So here you have it folks. There can be no further doubt that QM is in fact local for the EPR-Bohm scenario!

Using eigenvalues, Jay's manifestly local measurement functions are essentially equivalent to the following upon implementing the polarizer functions.
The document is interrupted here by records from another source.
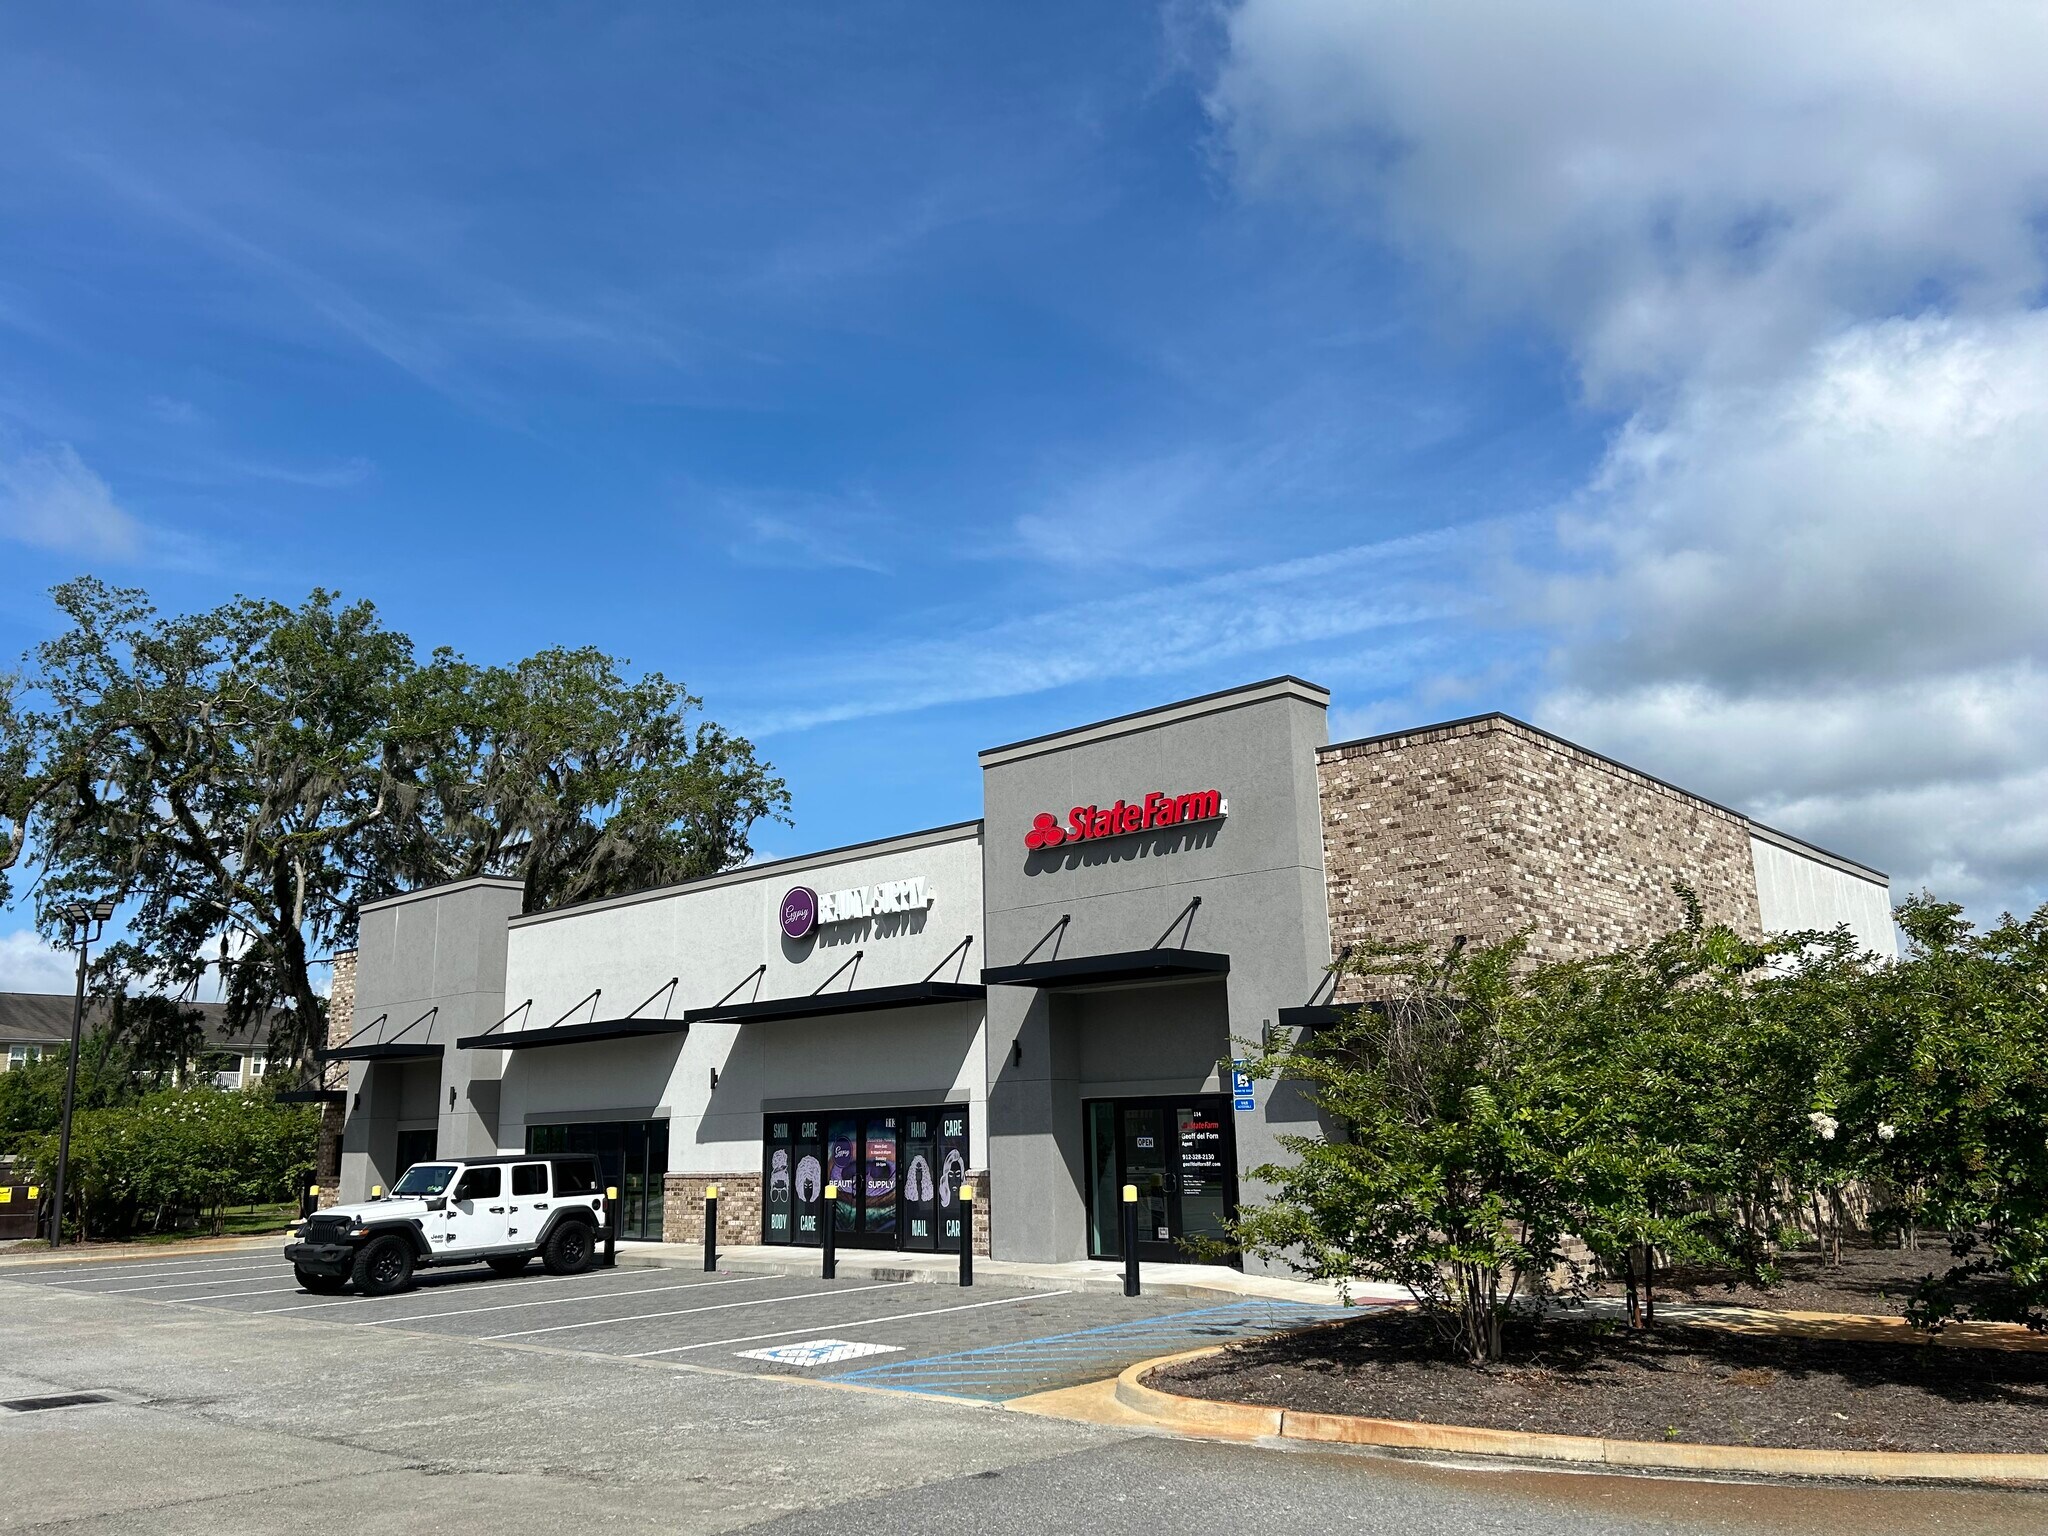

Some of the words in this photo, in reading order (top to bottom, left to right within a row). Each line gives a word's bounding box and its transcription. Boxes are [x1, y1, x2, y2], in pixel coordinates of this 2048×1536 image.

[818, 886, 872, 924] BEAUTY
[874, 876, 927, 914] SUPPLY
[785, 904, 809, 924] Gypsy
[773, 1122, 788, 1138] SKIN
[801, 1122, 817, 1138] CARE
[910, 1121, 927, 1138] HAIR
[944, 1119, 963, 1137] CARE
[1137, 1138, 1153, 1147] OPEN
[868, 1180, 894, 1189] SUPPLY
[771, 1213, 788, 1230] BODY
[800, 1215, 816, 1231] CARE
[911, 1219, 928, 1237] NAIL
[946, 1219, 961, 1237] CAR
$A({\bf a},\, h) := +\lim_{{\bf s} \rightarrow\, \text{sgn}({\bf a}\cdot{\bf s}){\bf a}}\Big[\lambda_{a, s\, h} \Big]=+\lim_{{\bf s} \rightarrow\, \text{sgn}({\bf a}\cdot{\bf s}){\bf a}}\Big[{\bf a}\cdot {\bf s}+i\,h\,||{\bf a} \times {\bf s}|| \Big]$ $= +\, \text{sgn}({\bf a}\cdot{\bf s}) =\pm 1$

$B({\bf b},\, h) :=-\lim_{{\bf s} \rightarrow \, \text{sgn}({\bf b}\cdot{\bf s}){\bf b}}\Big[\lambda_{s, b\, h}\Big]=-\lim_{{\bf s} \rightarrow\, \text{sgn}({\bf b}\cdot{\bf s}){\bf b}}\Big[{\bf s}\cdot {\bf b}+i\,h\,||{\bf s} \times {\bf b}|| \Big]$ $= -\, \text{sgn}({\bf s}\cdot{\bf b})= \mp 1$

where $h=\pm 1$ is the hidden variable. This is more of the beginning of "The New Quantum Mechanics".
.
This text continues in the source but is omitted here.